April last year it started browning and losing leaves. I checked the tree over and found a perfect hole that looked like it'd been drilled out. I ass-u-me it was some type of borer. D-e-d dead.
That socks...OOPS! can I say that? I'll just respell it.:rolleyes:

I have lost a tree or three to borers. By the time you figure out something's wrong it's usually too late.
That socks...OOPS! can I say that? I'll just respell it.:rolleyes:

Sucks sucks suckssuckssucks. Sucks socks?:eek:

Anywho.. yeah.. apparently the best prevention is a healthy tree. I thought it was in pretty good shape but with it only being one year out of the ground it was obviously vulnerable. I'm still pretty uneducated in bonsai application of fungicide/pesticide/insecticide/whatchamacallitcide but with the loss of this and another hackberry plus some elms I'm trying to decide on a yearly(at least) preventative spray.
I'm trying to decide on a yearly(at least) preventative spray.

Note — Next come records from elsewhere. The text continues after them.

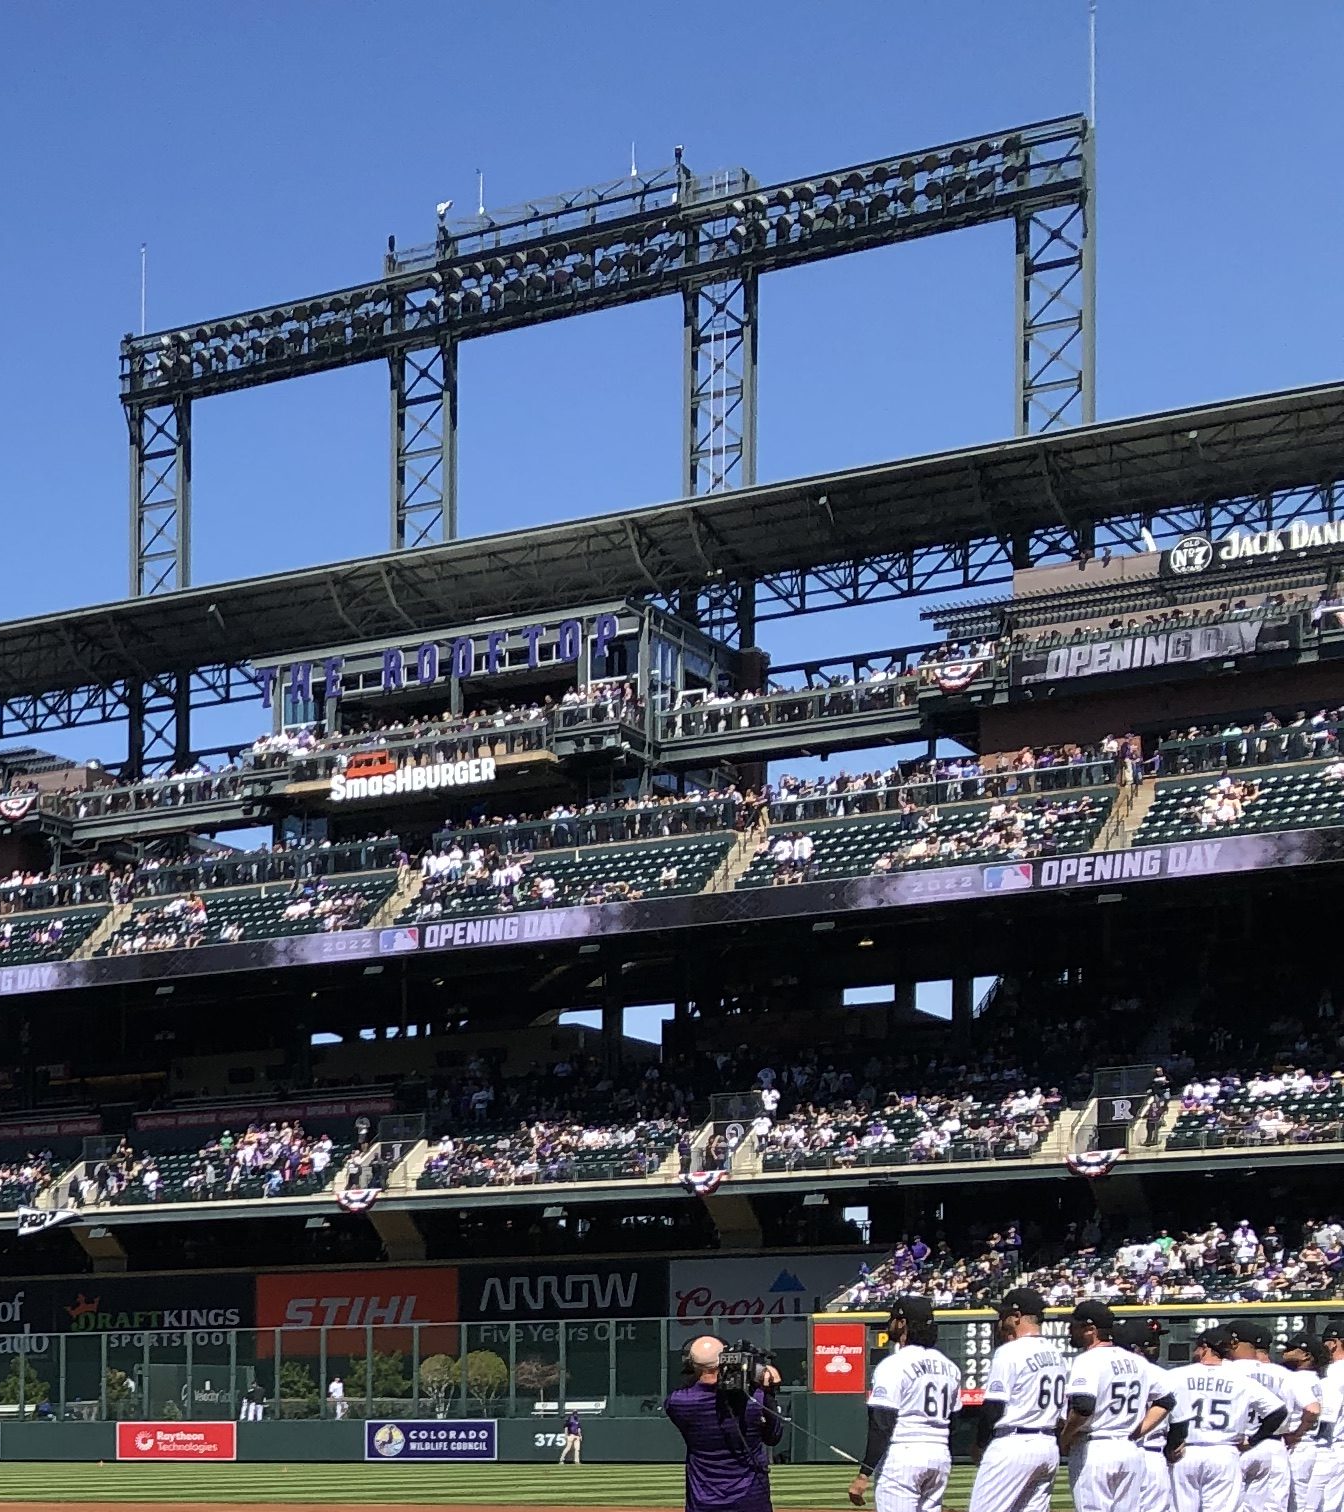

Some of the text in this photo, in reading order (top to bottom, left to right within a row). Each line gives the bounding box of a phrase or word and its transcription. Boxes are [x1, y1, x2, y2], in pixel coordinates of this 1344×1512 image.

[1218, 530, 1285, 561] JACK
[255, 614, 619, 709] THE ROOFTOP
[1045, 631, 1191, 680] OPENING
[912, 843, 1223, 893] 2022 OPENING DAY
[322, 912, 567, 953] 2022 OPENING DAY
[16, 965, 54, 990] DAY
[478, 1272, 639, 1312] ARROW
[280, 1294, 433, 1331] STIHL
[674, 1286, 786, 1327] Coors
[70, 1308, 241, 1332] DRAFTKINGS
[480, 1322, 637, 1343] Five Years Out
[965, 1322, 992, 1337] 53
[1276, 1315, 1305, 1331] 55
[877, 1332, 889, 1348] P
[965, 1340, 992, 1355] 35
[923, 1381, 949, 1418] 61
[1037, 1374, 1066, 1410] 60
[1109, 1379, 1142, 1415] 52
[156, 1430, 205, 1442] Raytheon
[157, 1441, 219, 1453] Technologies
[408, 1430, 489, 1440] COLORADO
[409, 1441, 488, 1451] WILDLIFE COUNCIL
[534, 1433, 567, 1447] 375
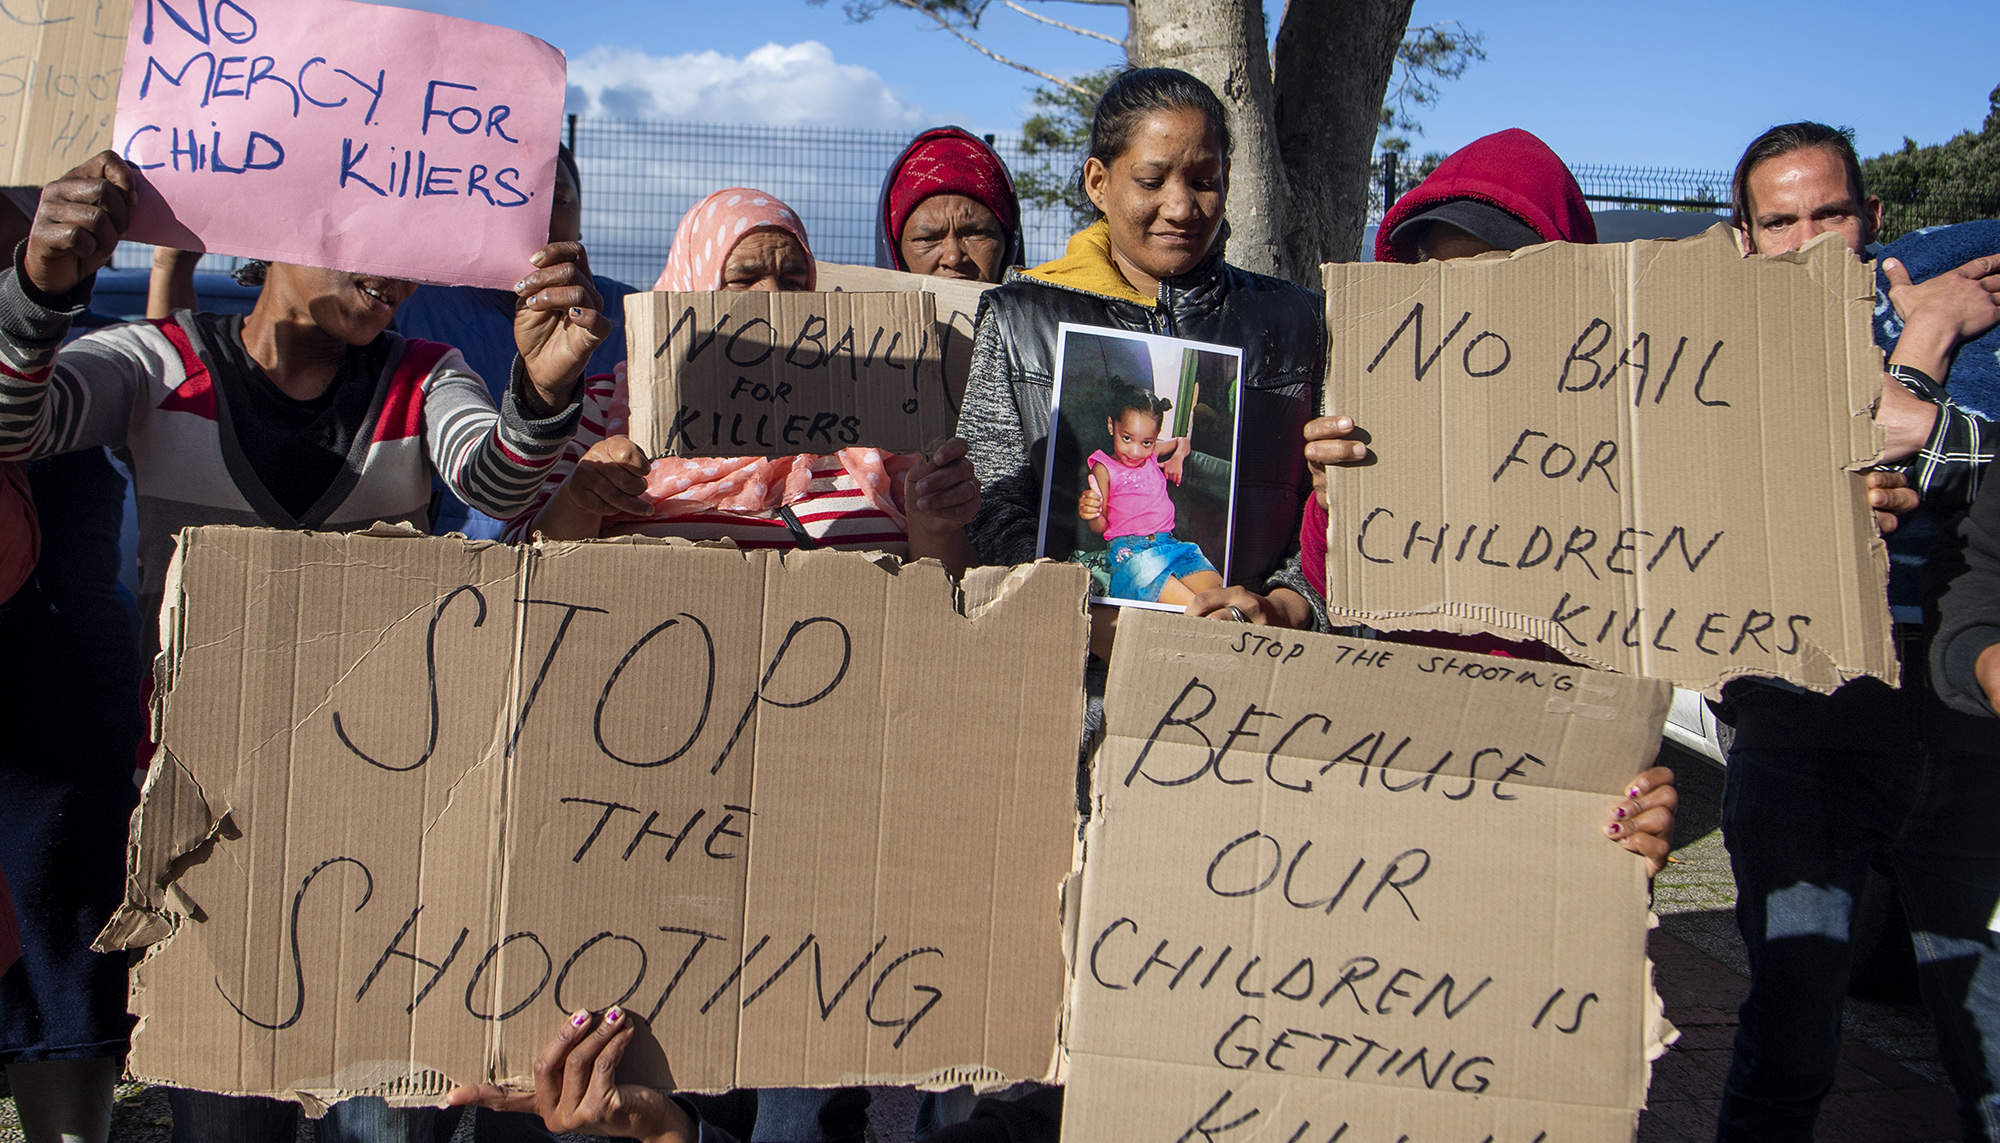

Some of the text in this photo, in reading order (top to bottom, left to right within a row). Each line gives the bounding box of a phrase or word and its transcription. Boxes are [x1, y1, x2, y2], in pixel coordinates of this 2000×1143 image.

[143, 0, 258, 46] NO
[421, 80, 519, 144] FOR
[654, 306, 778, 364] NO
[1367, 302, 1731, 408] NO BAIL
[730, 376, 793, 404] FOR
[665, 405, 861, 450] KILLERS
[1493, 428, 1619, 493] FOR
[1356, 507, 1725, 580] CHILDREN
[1551, 592, 1811, 656] KILLERS
[333, 583, 853, 776] STOP
[1230, 631, 1574, 692] STOP THE SHOOTING
[1123, 676, 1547, 801] BECAUSE
[560, 796, 757, 863] THE
[1205, 830, 1431, 922] OUR
[214, 856, 945, 1050] SHOOTING
[1089, 917, 1599, 1034] CHILDREN IS
[1213, 1013, 1496, 1095] GETTING
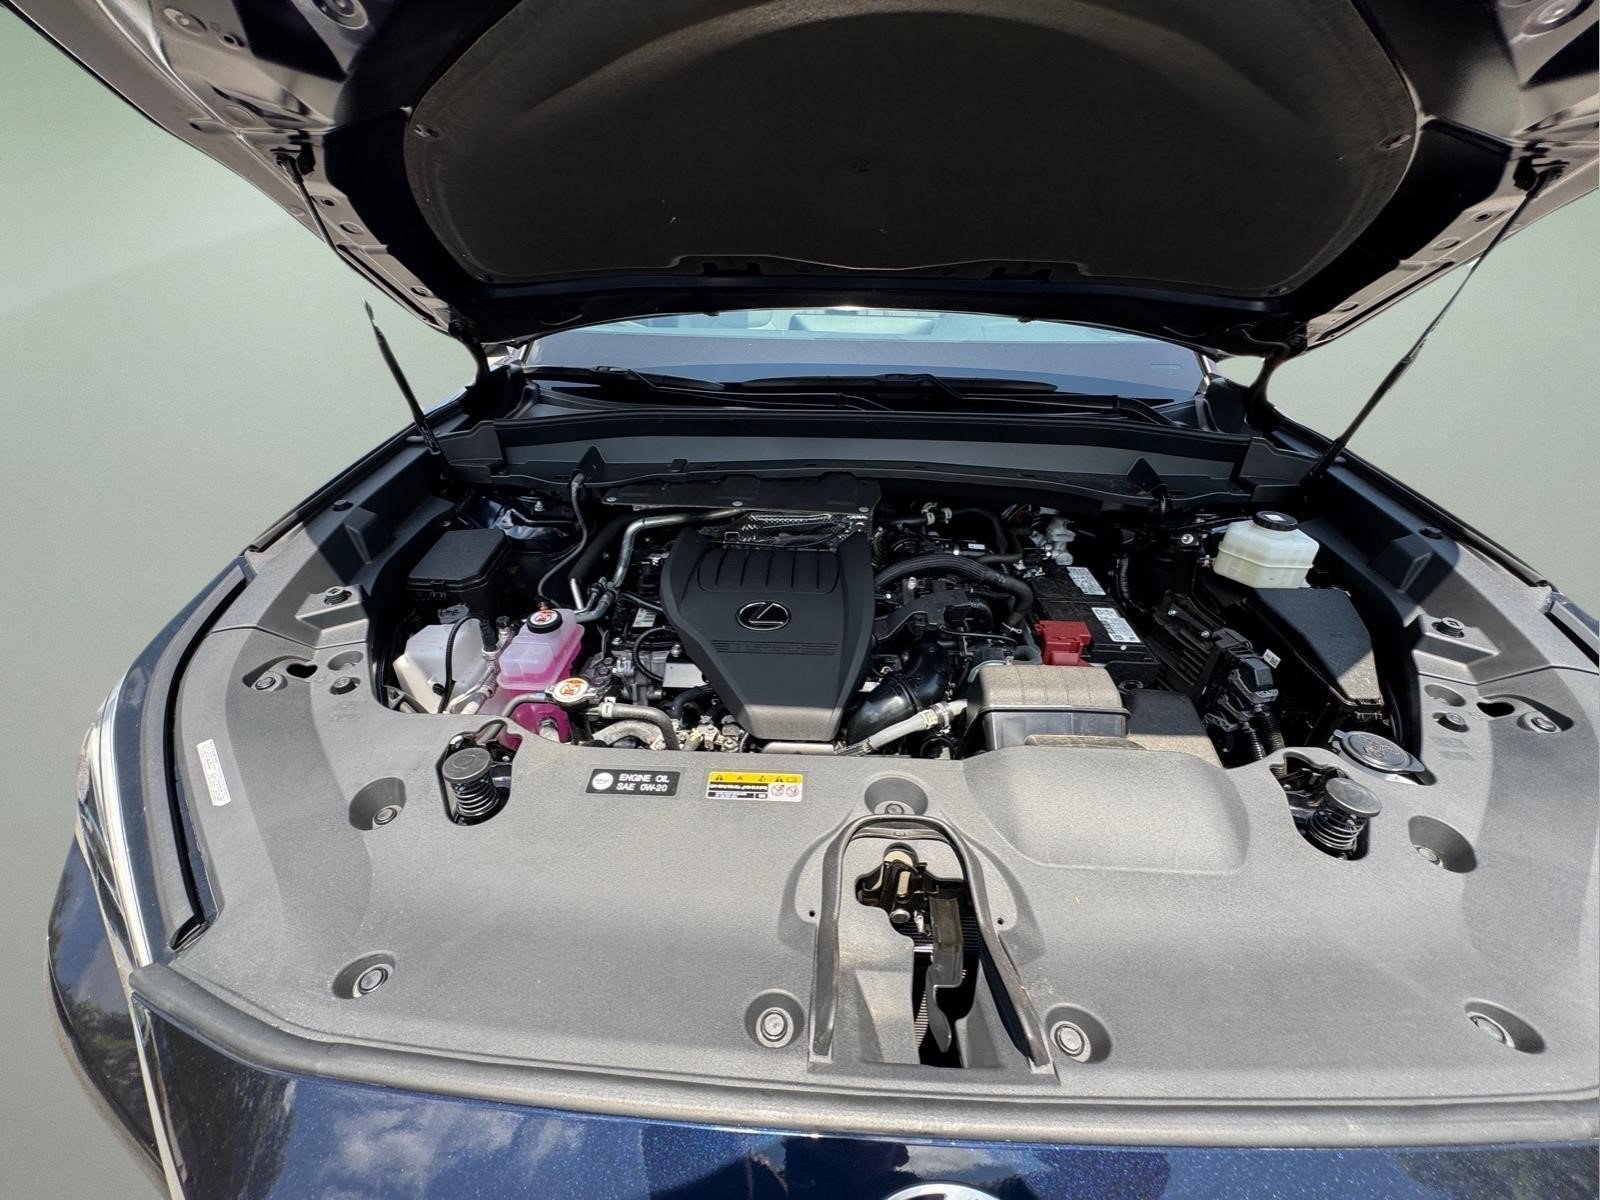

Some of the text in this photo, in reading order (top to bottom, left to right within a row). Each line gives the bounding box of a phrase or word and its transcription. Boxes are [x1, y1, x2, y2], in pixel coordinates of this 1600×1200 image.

[619, 773, 670, 783] ENGINE OIL
[616, 782, 668, 792] SAE 0W-20
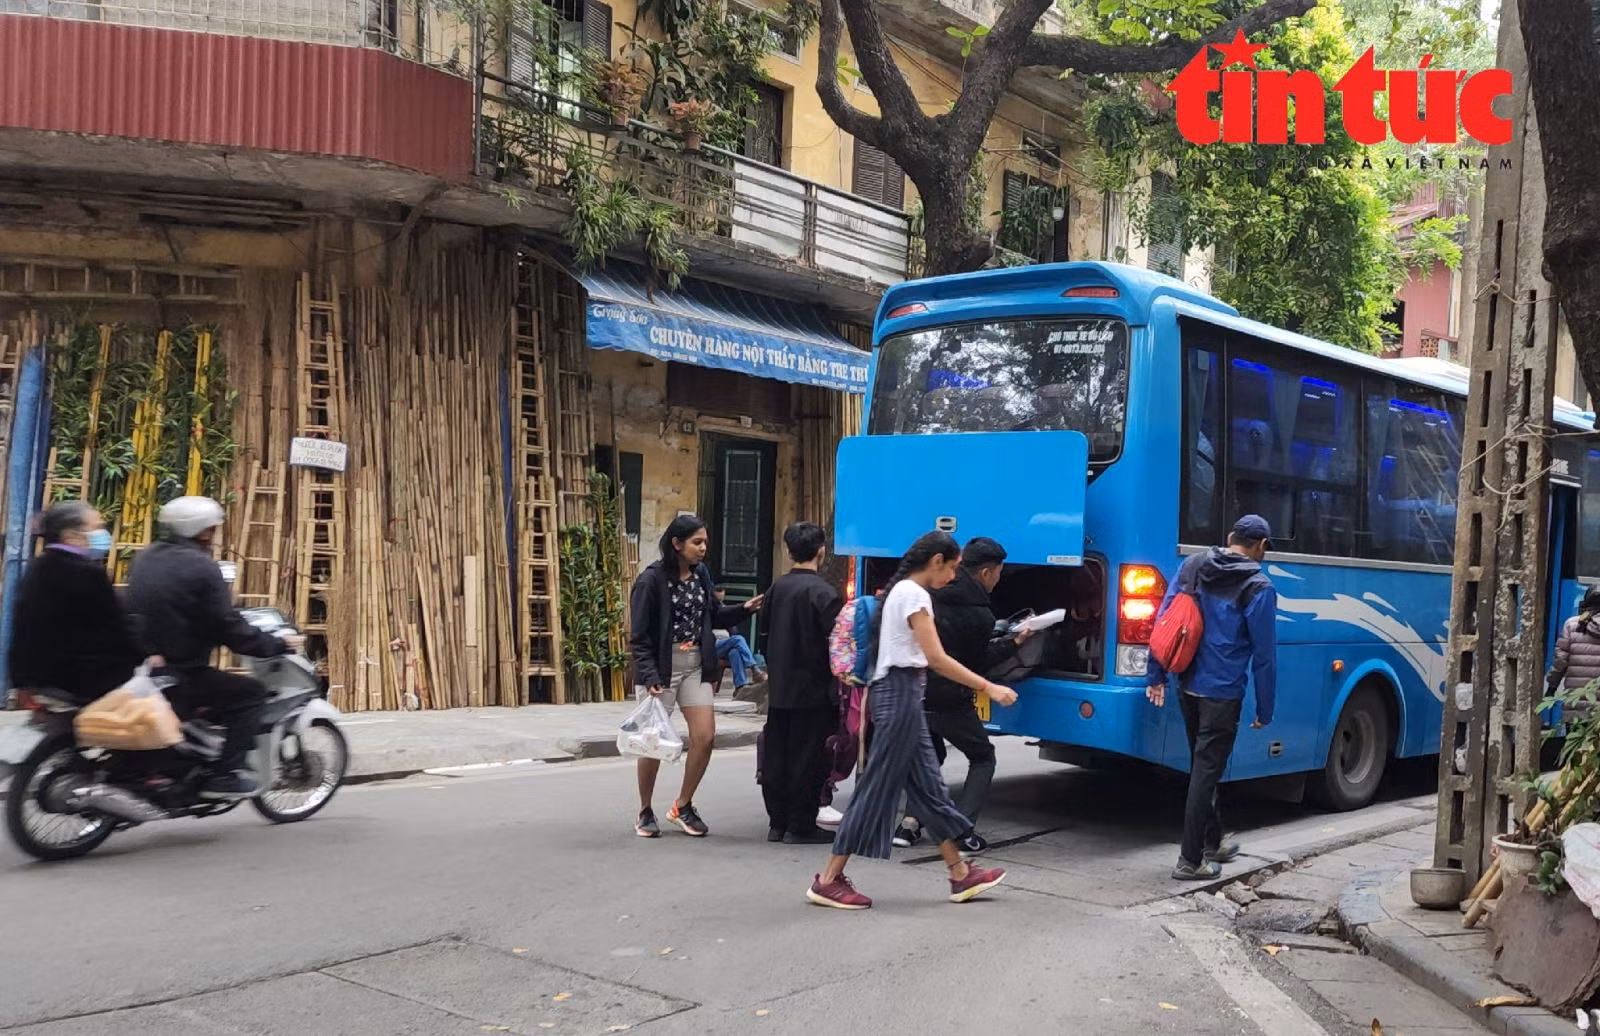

That's what I'm going to try this year. I experimented on a few of my trees last year with the Bayer tree and shrub yearly soil drench systemic insecticide.

It didn't seem to hurt the trees at all, but it sure put a stop to sucking insects that were decimating my oaks and maples. I expect it to work on borers too.... we'll find out this year.

Let us know if you find something that works.